The system then follows a planned sequence. If the pose estimate is slightly off, if a block is tilted, or if the next placement becomes risky, the robot still has to push forward with the original plan unless the safety stop is triggered.

This mode tests the fantasy that one instruction is enough.

Mode B: Iterative Correction

The user can interrupt or correct the robot during execution:

Move right.

Rotate clockwise.

Place it slower.

Stop. Re-detect the block.

The system does not need to be genius-level at first. It can begin with a small command vocabulary mapped to simple robot adjustments. Later, the language layer can become more flexible.

This mode tests whether human feedback makes the system more robust.

Measurements

To keep this from sounding like pure fluff, I need measurable outcomes:

Assembly success rate: did the target structure stay standing for at least a few seconds?
Task completion time: how long did it take from first command to final placement?
Correction count: how many human corrections were needed?
Placement error: how far was the final block pose from the target pose?
Recovery rate: when the robot made a visible mistake, did correction mode actually recover it?
User confidence: did the user feel the robot was understandable and controllable?

Now the project starts sounding like an experiment instead of a dream.

What I Need to Learn Before I Start Pretending

This is the part my bloated brain does not want to hear.

Before making any real claims, I need to learn:

Linear algebra for transformations, rotations, and camera coordinates.
Basic machine learning, not just “AI” as a decorative word.
Robot kinematics and inverse kinematics.
Camera calibration and hand-eye calibration.
Pose estimation, probably with AprilTags before trying anything fancy.
Basic physics simulation, maybe PyBullet, to test whether simple structures are stable.
Experimental design, because a project without measurements is just a demo.

The painful truth is that the boring pieces are the project.

How I Should Develop

The development path should be a ladder. Each step has to produce evidence before I climb to the next one.

Perception baseline: detect block pose from the RealSense view and log the result. Exit condition: repeat the same scene several times and measure pose variance.
Calibration baseline: convert image/depth measurements into robot-frame coordinates. Exit condition: the arm can point to known test locations with acceptable error.
Single-block manipulation: pick one block and place it at one fixed target pose. Exit condition: repeated trials work without changing code between attempts.
Three-block fixed plan: build one tiny structure from a predefined sequence. Exit condition: success rate, timing, and failure modes are logged.
Manual correction vocabulary: add commands like left, right, rotate, lower, stop, and re-detect. Exit condition: each command maps to a predictable robot adjustment.
One-shot versus correction experiment: run the same structures in both modes. Exit condition: compare success rate, completion time, correction count, placement error, and user confidence.
Only then add flexible language or learned planning: use an LLM or learning method only if the fixed vocabulary becomes the bottleneck.

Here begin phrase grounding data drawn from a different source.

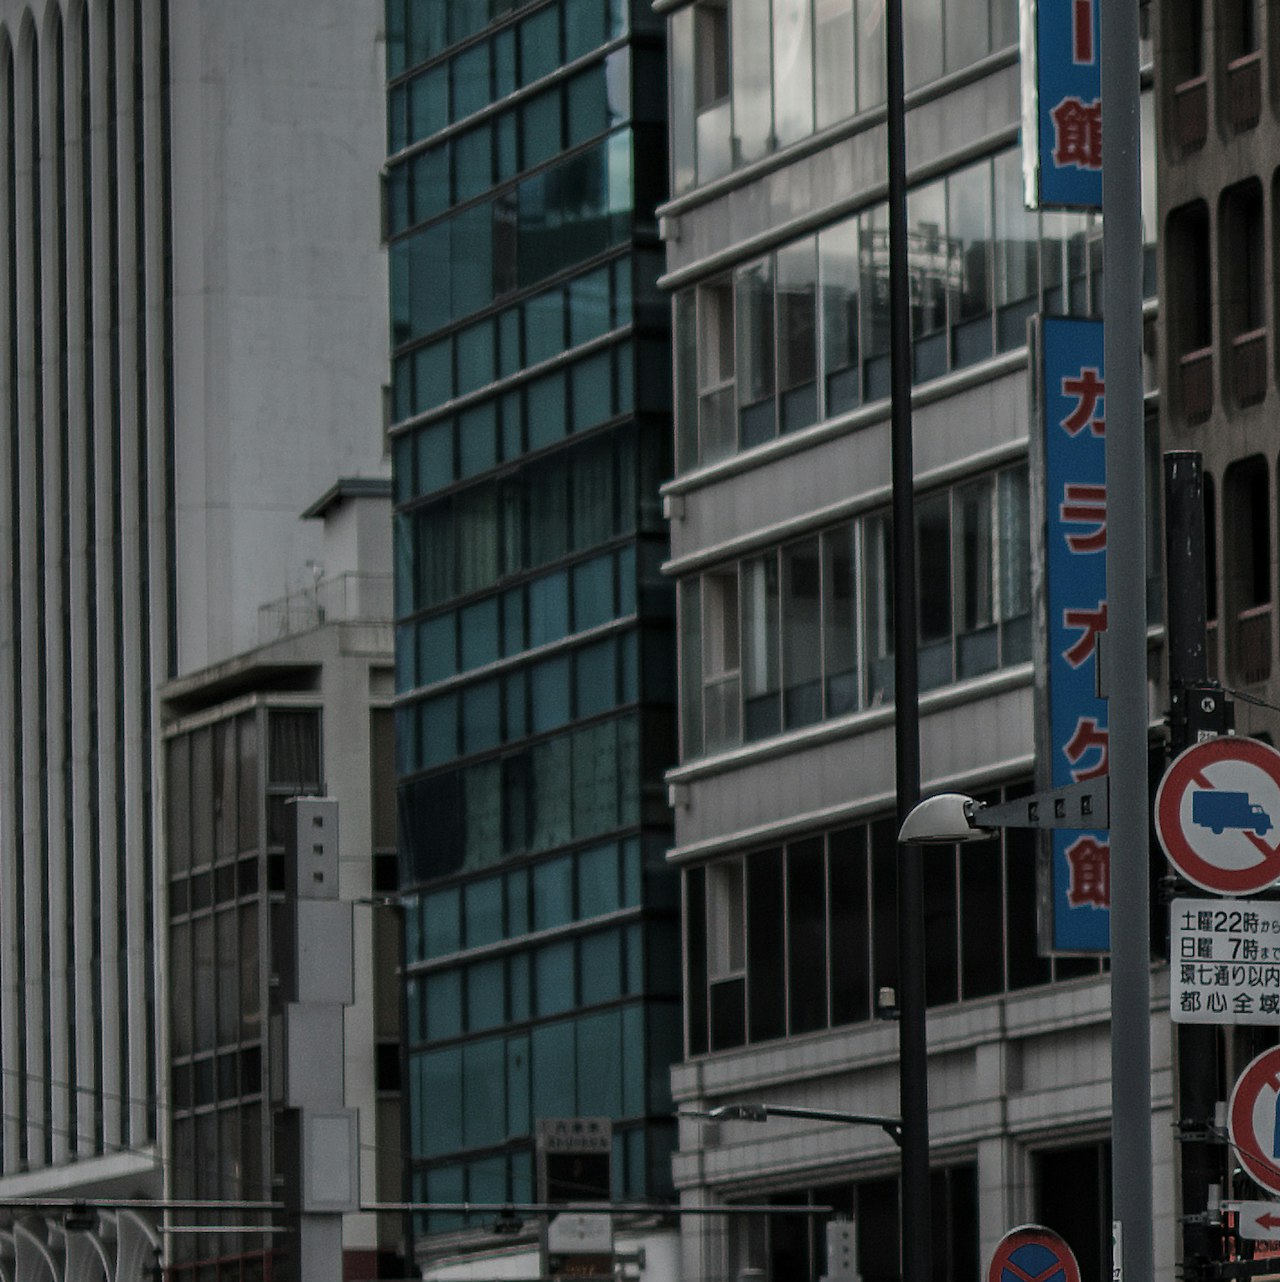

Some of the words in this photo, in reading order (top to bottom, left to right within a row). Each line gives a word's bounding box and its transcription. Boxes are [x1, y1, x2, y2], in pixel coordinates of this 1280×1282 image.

[1180, 964, 1280, 988] 環七通り以内
[1180, 990, 1280, 1015] 都心全域
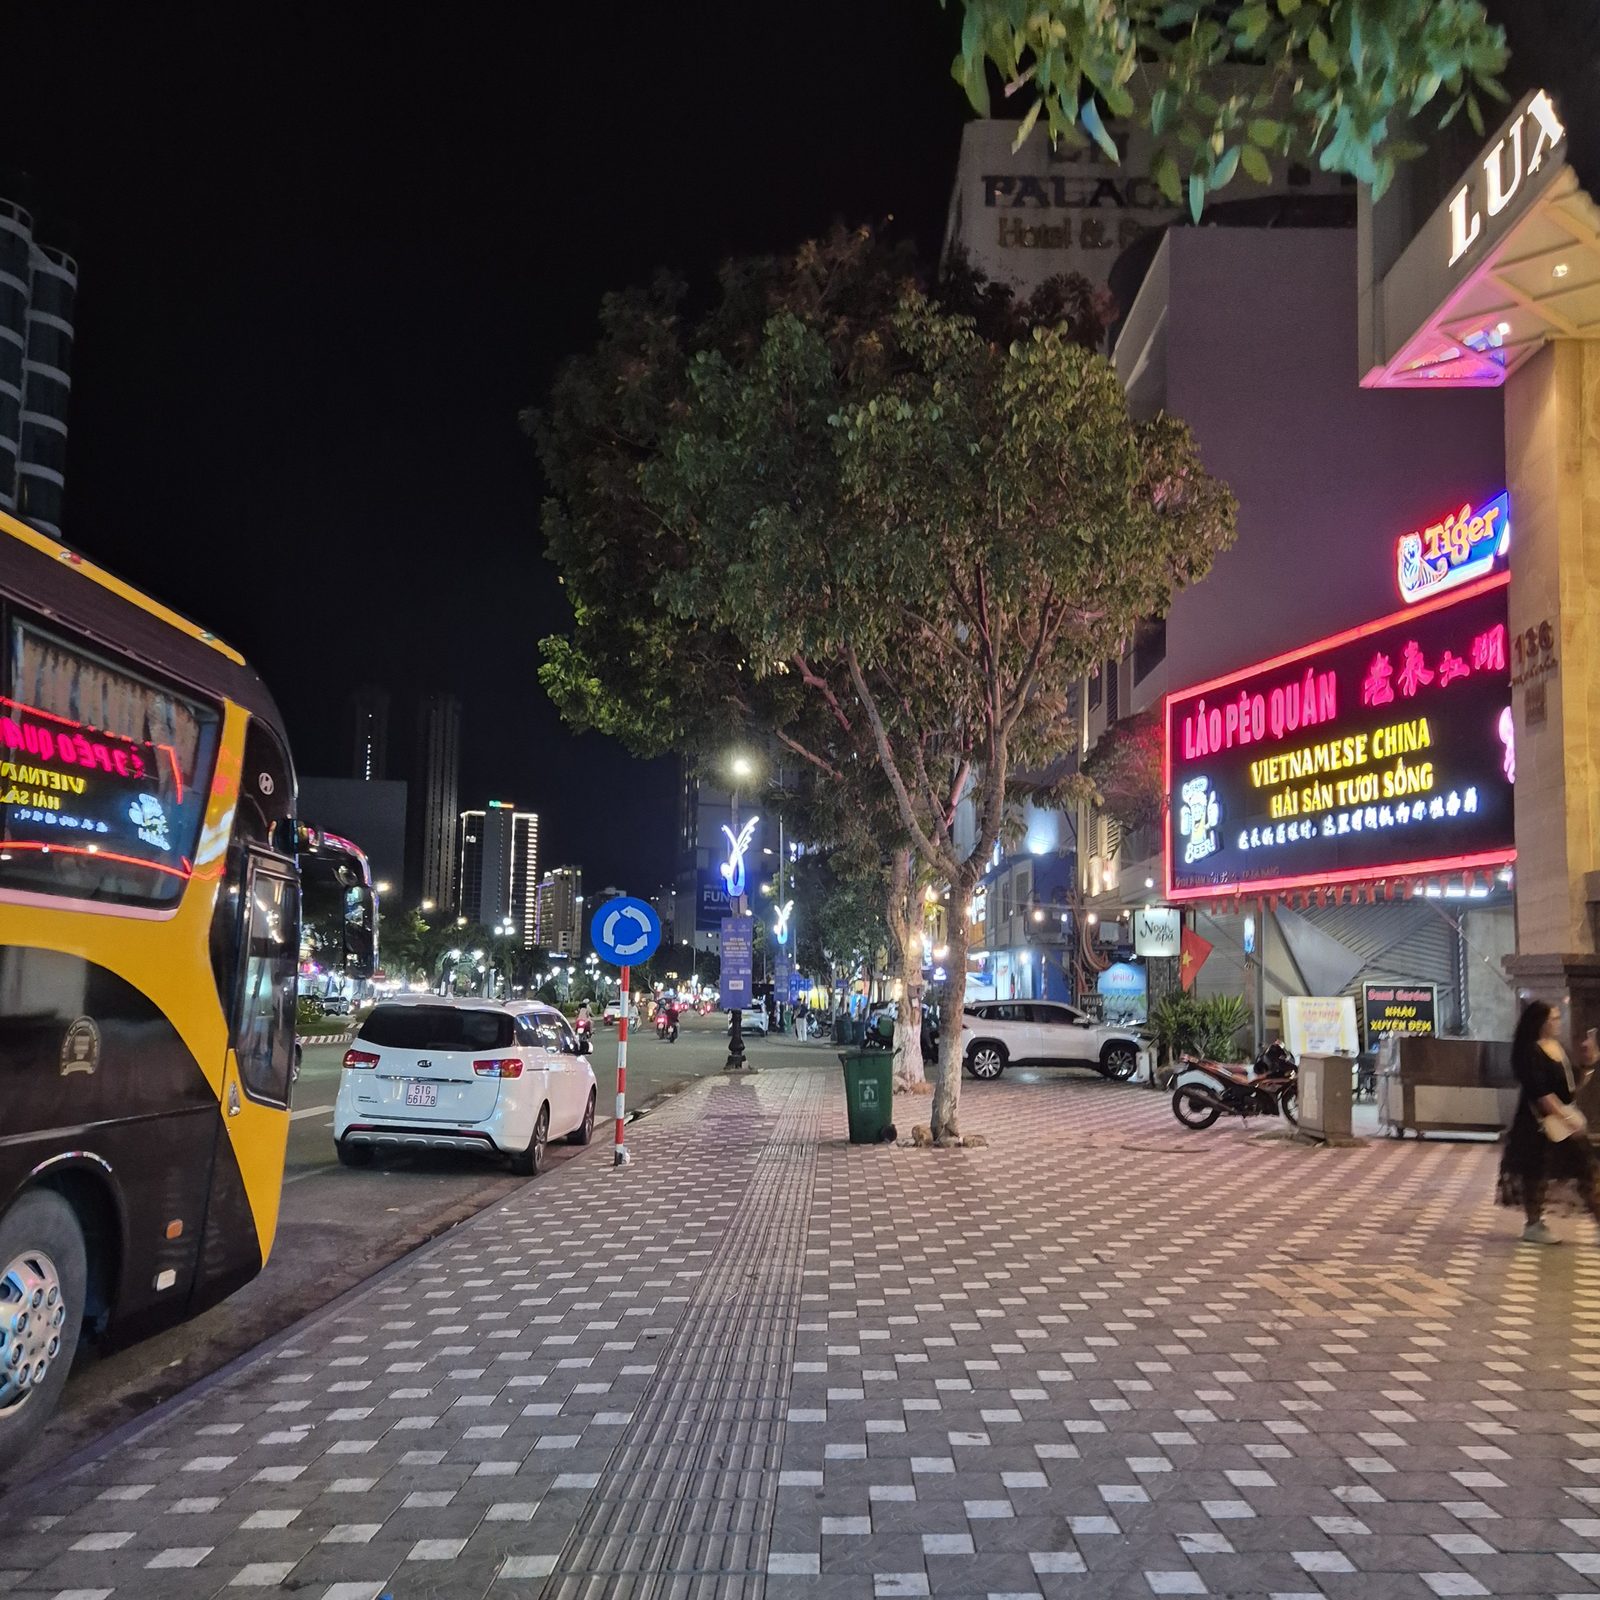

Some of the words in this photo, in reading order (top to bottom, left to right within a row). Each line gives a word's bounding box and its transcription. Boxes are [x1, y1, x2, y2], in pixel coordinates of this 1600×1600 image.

[982, 175, 1190, 208] PALAC
[1448, 88, 1565, 267] LUX
[1422, 503, 1499, 566] Tiger
[1185, 699, 1222, 760] LẢO
[1271, 667, 1337, 740] QUÁN
[1251, 732, 1369, 788] VIETNAMESE
[1372, 717, 1432, 760] CHINA
[1271, 785, 1299, 818] HẢI
[1302, 779, 1334, 813] SẢN
[1336, 772, 1379, 806] TƯƠI
[1383, 757, 1434, 798] SỐNG
[415, 1085, 431, 1095] 51G

This keeps the project honest. If step 2 is weak, step 7 will not save it. It will only hide the weakness behind nicer words.

First Non-Bloated Plan

I should not start with “build an intelligent assembly agent.”

I should start with this:

Detect block poses reliably.
Move one block to a target pose reliably.
Build a simple three-block structure from a fixed plan.
Add manual correction commands.
Compare one-shot mode against correction mode on the same structures.
Only then think about language models or learned planning.

It is not as glamorous as “speech to reality.”

But it is real.

Current Conclusion

The new mission is:

Build a small robotic assembly system where human verbal corrections are part of the control loop, then measure whether that actually helps.

That is still ambitious.

But at least now the pig is only moderately bloated.